Jalousé, souvent très critiqué, l'Américain Robert Parker, auquel on peut tout reprocher sauf... de mal connaître les vins de Bordeaux, écrit à ce propos, dans son Guide Parker des vins de France (édition 2007), que de nombreux bordeaux rouges 2005 possèdent «le niveau de tannins le plus élevé jamais enregistré».

On peut ajouter enfin, ce qui est rarissime, que les vins blancs du Bordelais, secs ou moelleux comme les Sauternes, sont également très réussis en 2005.

Les vins des Moueix

Plus ambitieux que le simple Bordeaux 2005 Merlot Christian Moueix, le Pomerol 2005 Jean-Pierre Moueix - un assemblage de vins d'achat, mais qui a été élevé en fûts par les Moueix -, fait surtout de Merlot (90%) et de Cabernet franc (10%), au bouquet de bon volume, très fruits rouges, encore plutôt tout d'un bloc, est un vin qui ne manque pas de corps, avec de l'éclat, tannique sans agressivité. Et, du moins pour l'instant, un peu carré. Très bon (107 caisses disponibles).

S, 739623, 28,65$, ***, $$$ 1/2, 2008-2013.

Des 10 autres vins goûtés ce jour-là, seulement trois seront en vente sur notre marché, les sept autres ayant déjà été tous vendus en primeur par la SAQ.

Le moins cher, dont la SAQ a acheté une soixantaine de caisses, est le deuxième vin du Château Gazin, à savoir le Pomerol 2005 L'Hospitalet de Gazin, très coloré sans qu'il soit opaque, qui se présente avec un bouquet de très bon volume, de fruits rouges bien mûrs, avec aussi une toute petite note animale, m'a-t-il semblé. Et puis, en bouche, dense, corsé, tannique. Sérieux...

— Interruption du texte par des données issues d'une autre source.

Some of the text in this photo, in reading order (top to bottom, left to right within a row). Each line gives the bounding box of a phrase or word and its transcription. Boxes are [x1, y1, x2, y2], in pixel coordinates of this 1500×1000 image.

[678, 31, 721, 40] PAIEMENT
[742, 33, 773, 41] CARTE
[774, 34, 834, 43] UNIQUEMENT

Noté trois étoiles et demie, il devrait coûter environ 40$ ou 45$ et sera commercialisé en octobre prochain, dans le cadre de l'opération Les seconds vins de grands châteaux.

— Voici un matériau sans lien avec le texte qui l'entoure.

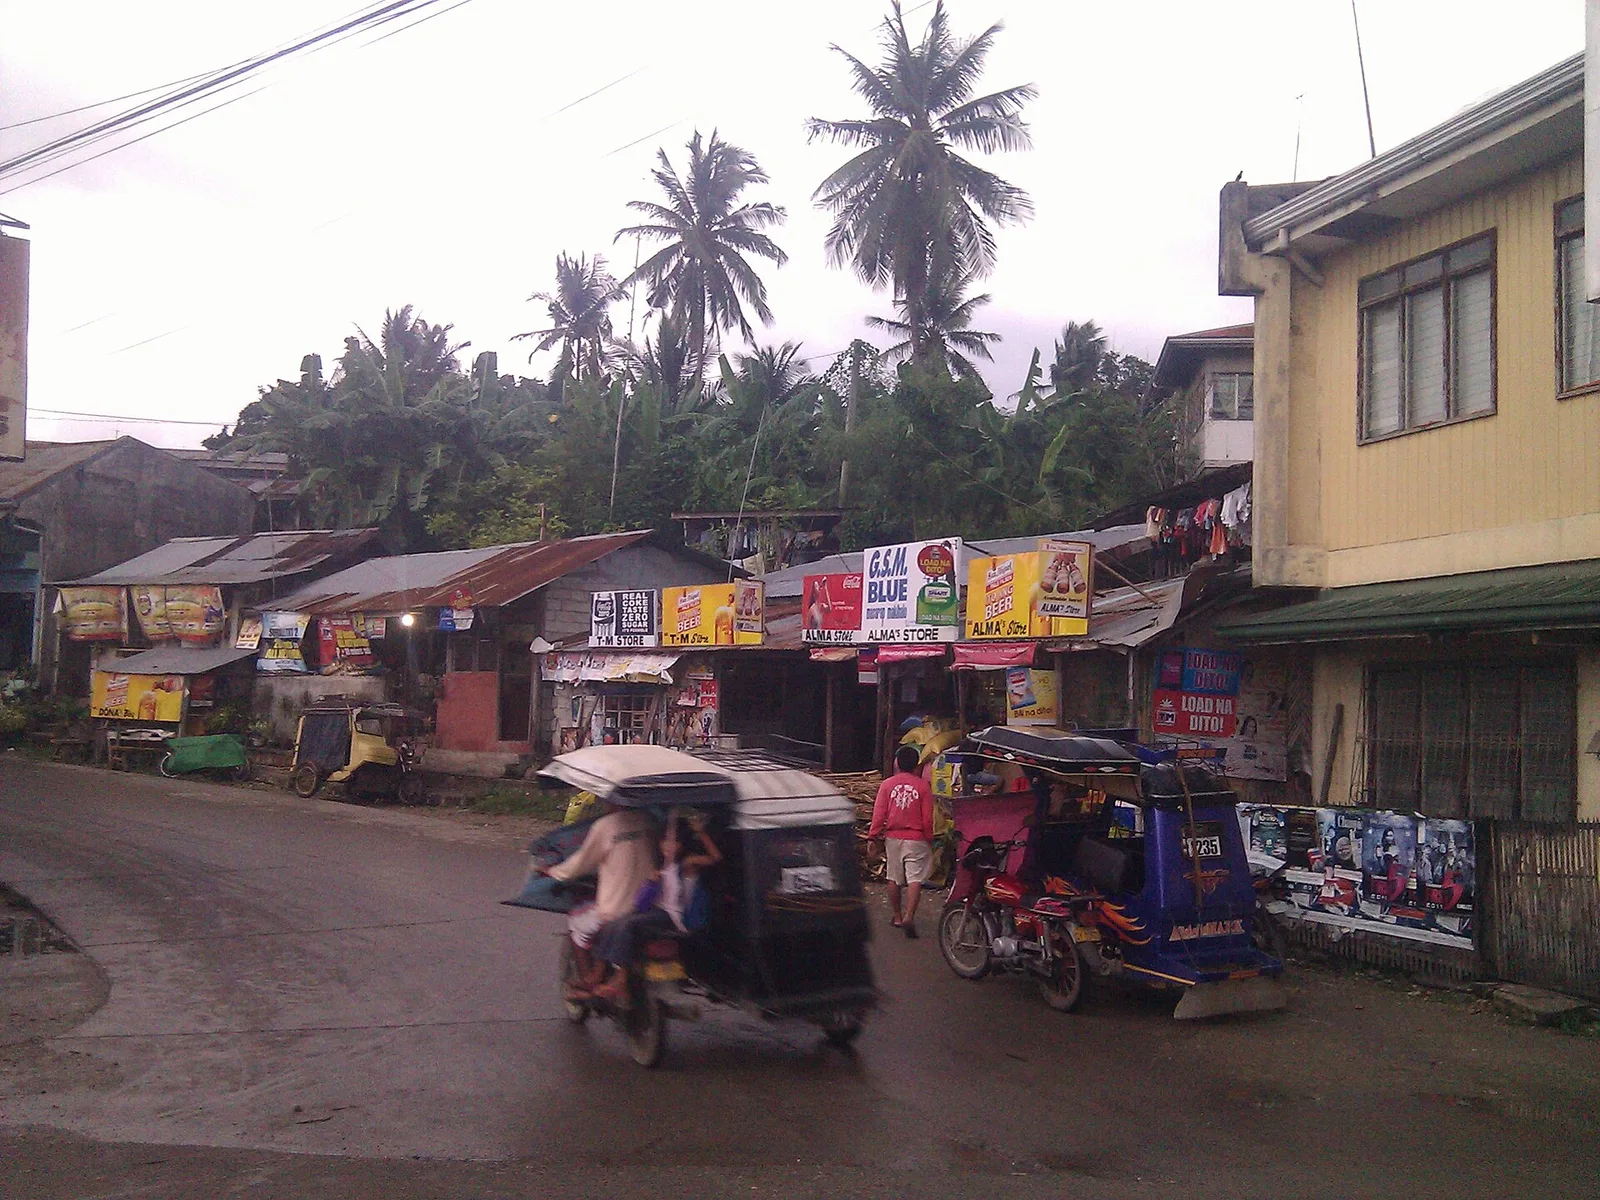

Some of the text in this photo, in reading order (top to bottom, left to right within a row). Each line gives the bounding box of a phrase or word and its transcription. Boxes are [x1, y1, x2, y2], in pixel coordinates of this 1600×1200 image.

[869, 547, 908, 579] G.S.M.
[622, 592, 648, 600] REAL
[868, 579, 908, 603] BLUE
[622, 613, 648, 621] ZERO
[985, 596, 1013, 621] BEER
[677, 616, 701, 633] BEER
[1007, 621, 1027, 636] Store
[617, 636, 644, 645] STORE
[805, 630, 832, 641] ALMA
[903, 628, 939, 641] STORE
[1187, 652, 1218, 670] LOAD
[1193, 671, 1230, 690] DITO!
[1181, 695, 1232, 715] LOAD NA
[1189, 715, 1224, 732] DITO!

On monte... une marche importante avec le Pomerol 2005 Château Hosanna (ex-Château Certan Giraud qu'ont acquis les Moueix en 1999), au boisé discret, compact, très ample, aux tannins à la fois substantiels et enrobés, et qui est un grand vin. Il sera mis en vente à... environ 250$ au moment de la publication du numéro de septembre 2008 du magazine de la SAQ Cellier.

Tout en notant bas, j'ai attribué quatre étoiles (ou 18,2 sur 20) au Château Hosanna, mais davantage, soit 18,5 au Pomerol 2005 Château Trotanoy, dont 15 caisses seront commercialisées ce printemps aux boutiques Signature, à un peu plus de... 250$.

D'une densité remarquable et d'une très grande richesse en tannins, quoique sans rien de massif, ce vin ira tout bonnement très - très - loin, et n'avait rien de ridicule à côté du monumental Pomerol 2005 Château Pétrus (**** 1/2), goûté immédiatement après.

Vin que les Moueix affectionnent particulièrement, le Pomerol 2005 Château Lafleur-Pétrus, qui coûtait 119$ en primeur, est d'ordinaire un vin très tendre, suave, élégant, en un mot irrésistible. Le 2005 est déjà plus abordable que, par exemple, Trotanoy ou Hosanna, tout en possédant une corpulence et une ampleur inusitées. Le millésime parle... Quatre étoiles, ou 18,2 sur 20.

Les autres vins dégustés étaient les Saint-Émilions 2005 Château Magdeleine (17,9) et Bélair (18), plus distingué que le précédent, puis les Pomerols 2005 Château Latour à Pomerol (17,8), Château Providence (18) et enfin Château Certan de May (17,7), que déparait un peu selon moi une note iodée.